There are several limitations to this trial. The primary limitation to this trial is the small sample size, which limited our statistical power to examine other body composition outcomes. The small sample size allowed for numeric differences in baseline body composition and anthropometric measures. Our analyses plan prespecified that the baseline value of the dependent variable would be included in the model to account for baseline differences; however, we cannot rule out that the observed differences may be partly due to regression to the mean. The small sample size also reduces the generalisability of our findings. As we have previously described (Brown ), trial participants were younger than the population from which they were recruited. This has important implications for the generalisability of our findings to the broader population of colon cancer survivors. The duration of the exercise intervention was 6 months, and it is not known if the dose–response effects of exercise on visceral adipose tissue would be maximised or sustained over a longer time horizon. Trial participants were not recruited based on having excess visceral adipose tissue at baseline. It is not known if the exercise-induced reductions in visceral adipose tissue would be similar or larger in magnitude among a sample who all had excess visceral adipose tissue at baseline.

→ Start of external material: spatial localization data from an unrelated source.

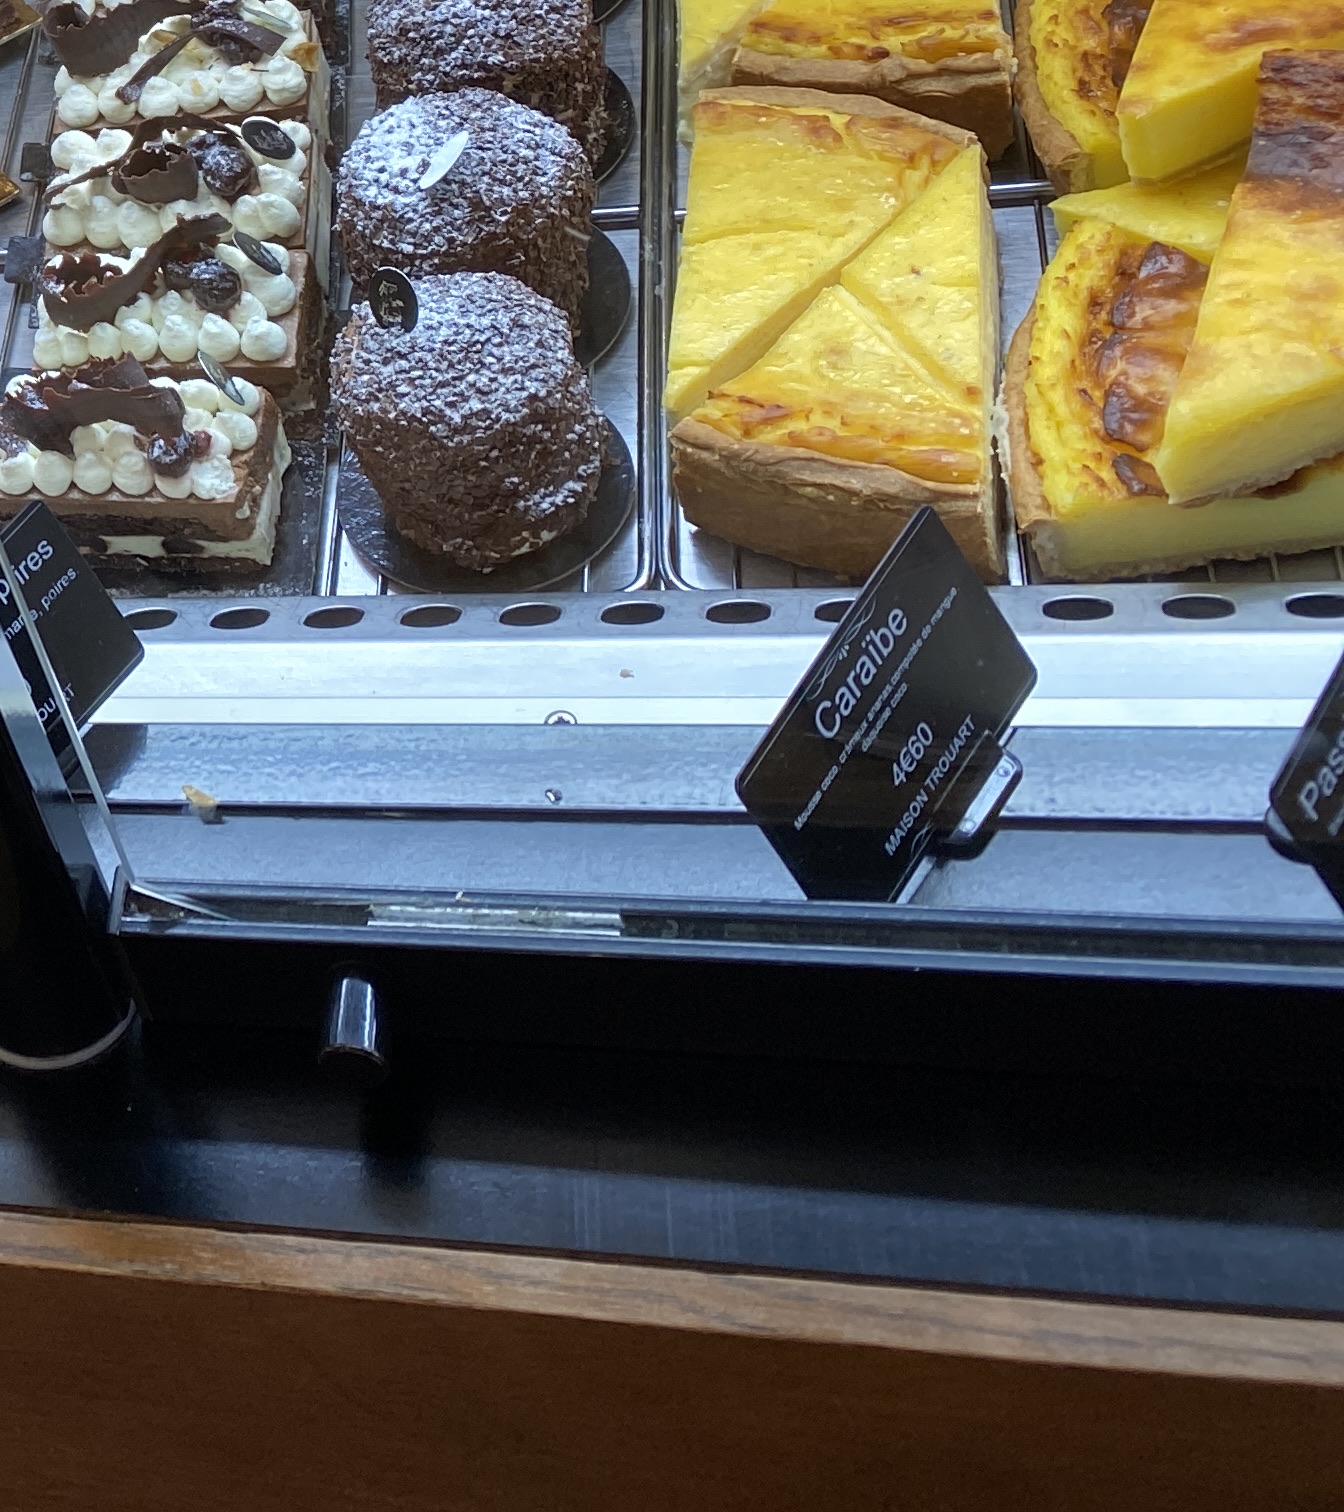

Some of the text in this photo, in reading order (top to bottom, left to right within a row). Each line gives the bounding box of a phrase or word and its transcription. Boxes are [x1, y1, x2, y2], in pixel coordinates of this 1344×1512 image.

[814, 607, 909, 741] Caraïbe
[883, 713, 976, 857] MAISON TROUART
[892, 722, 934, 788] 4€60
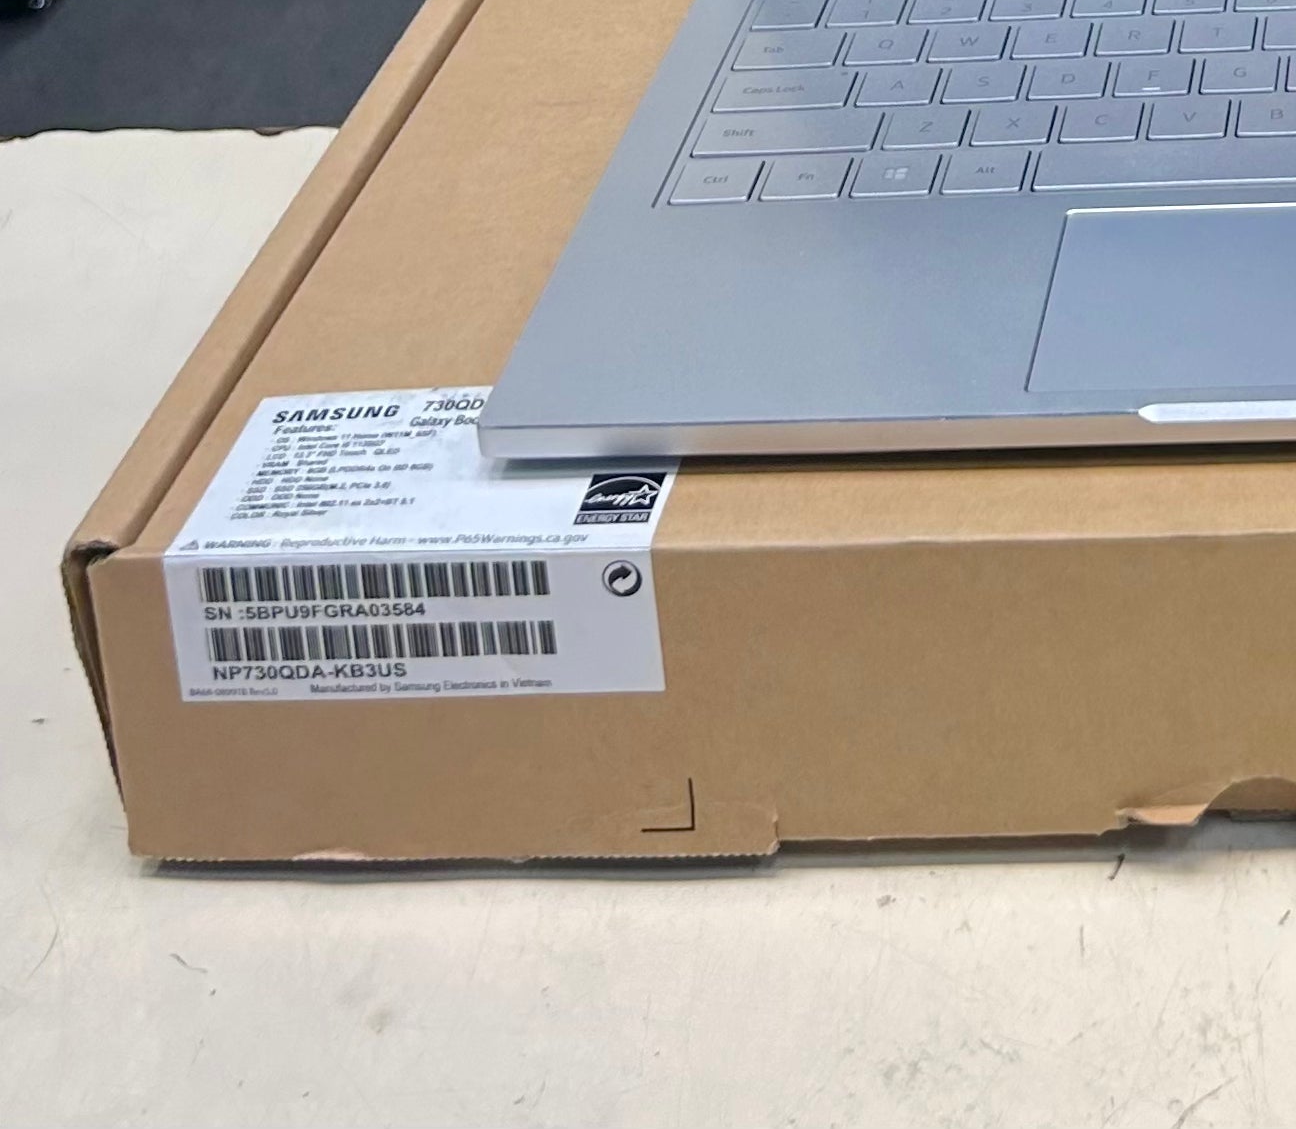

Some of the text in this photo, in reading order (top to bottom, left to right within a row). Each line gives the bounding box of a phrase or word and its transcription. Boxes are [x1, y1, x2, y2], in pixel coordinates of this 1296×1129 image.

[1045, 33, 1057, 43] E
[1127, 30, 1141, 40] R
[960, 36, 980, 46] W
[1147, 70, 1159, 81] F
[1233, 67, 1247, 77] G
[976, 76, 990, 87] S
[1061, 73, 1076, 84] D
[890, 80, 904, 90] A
[1095, 114, 1108, 125] C
[1183, 112, 1197, 122] V
[1270, 109, 1284, 119] B
[919, 122, 933, 133] Z
[1005, 118, 1021, 128] X
[703, 175, 728, 184] Ctrl
[272, 399, 485, 423] SAMSUNG 730QD
[410, 415, 452, 428] Galaxy
[576, 512, 648, 523] ENERGY STAR
[281, 537, 367, 549] Reproductive
[369, 536, 406, 545] Harm
[418, 533, 589, 546] www.P65Warnings.ca.gov
[205, 607, 231, 620] SN
[212, 662, 407, 680] NP730QDA-KB3US
[379, 683, 391, 693] by

There are several strengths to this trial. The use of two intervention groups, each prescribed a distinct dose of exercise, allowed us to examine how visceral adipose tissue changed along the exercise dose curve. The exercise program was flexible, emphasising a home-based program, blended with ongoing behavioural and clinical support from an exercise physiologist. The provision of home-based treadmills succeeded in providing a reasonable incentive for participation, as recruitment was completed ahead of schedule and succeeded in promoting favourable adherence to the exercise prescription over 6 months. Completion of the prescribed exercise dose was objectively quantified using heart-rate monitors with long-term (⩾3 month) memory. Data collection was completed by staff blinded to study group who followed standardised protocols. Participants in this trial had later stage of disease than the population from which they were recruited (Brown ), which represents colon cancer survivors at highest risk for disease recurrence. Participants had a variety of comorbid conditions that are common among colon cancer survivors including hypertension, hyperlipidaemia, diabetes and cardiovascular disease. Endpoint data collection was satisfactory (97% complete).

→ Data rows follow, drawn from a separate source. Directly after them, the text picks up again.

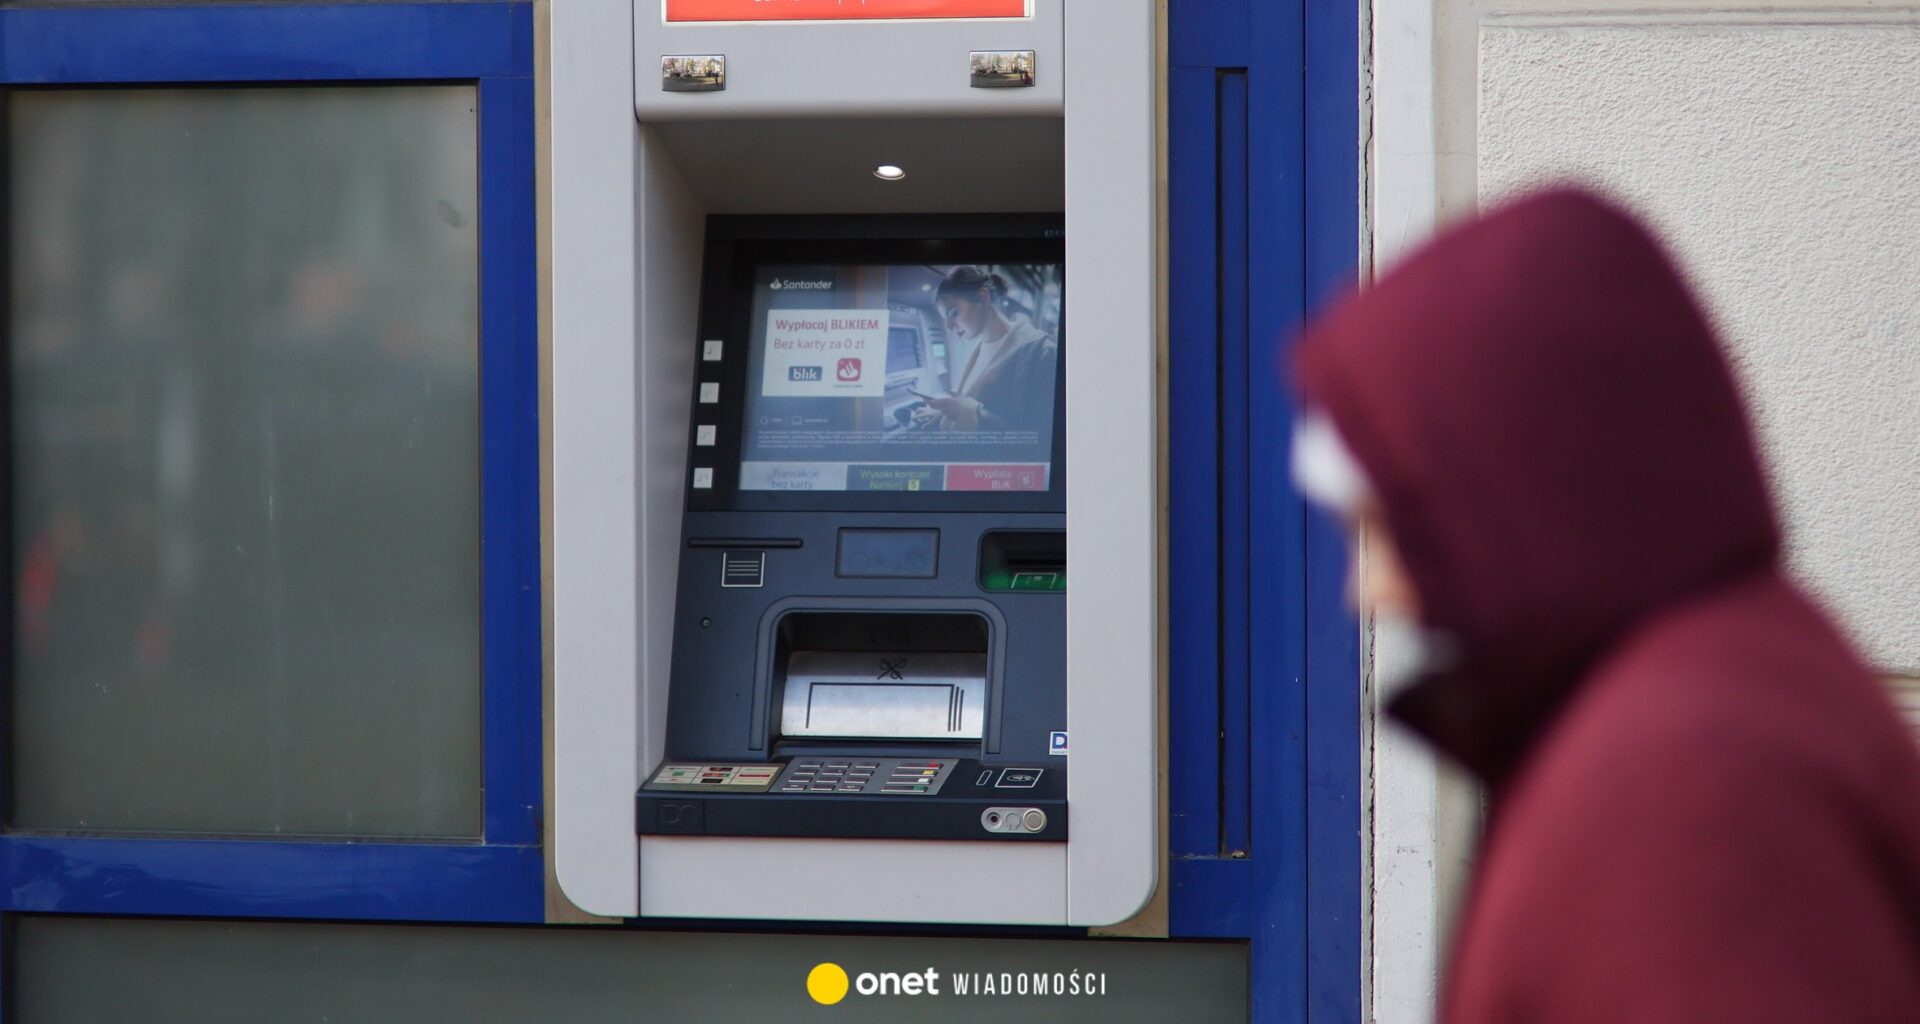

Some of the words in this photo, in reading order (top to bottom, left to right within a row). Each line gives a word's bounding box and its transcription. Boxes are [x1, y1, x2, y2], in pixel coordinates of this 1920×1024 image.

[783, 280, 832, 289] Santander
[775, 319, 828, 332] Wypłacaj
[831, 319, 879, 330] BLIKIEM
[774, 338, 794, 349] Bez
[797, 338, 825, 352] karty
[828, 341, 841, 349] za
[844, 339, 852, 349] 0
[855, 339, 864, 349] zł
[793, 368, 817, 380] blik
[861, 469, 892, 479] Wysoki
[974, 469, 1012, 480] Wypłata
[771, 480, 788, 489] bez
[790, 480, 814, 489] karty
[991, 480, 1011, 489] BLIK

In conclusion, the findings from this randomised trial demonstrate the dose–response effects of moderate intensity aerobic exercise to favourably reduce visceral adipose tissue among selected patients recently treated for stage I–III colon cancer. The findings from this randomised trial may be useful to health-care providers to improve the specificity of exercise prescriptions for colon cancer survivors. The findings from this randomised trial are also useful for investigators to begin to understand the mechanistic pathways that are hypothesised to mediate the relationship between exercise and disease outcomes in this population. Visceral adipose tissue may be a mechanism through which exercise reduces the risk of disease recurrence among colon cancer survivors.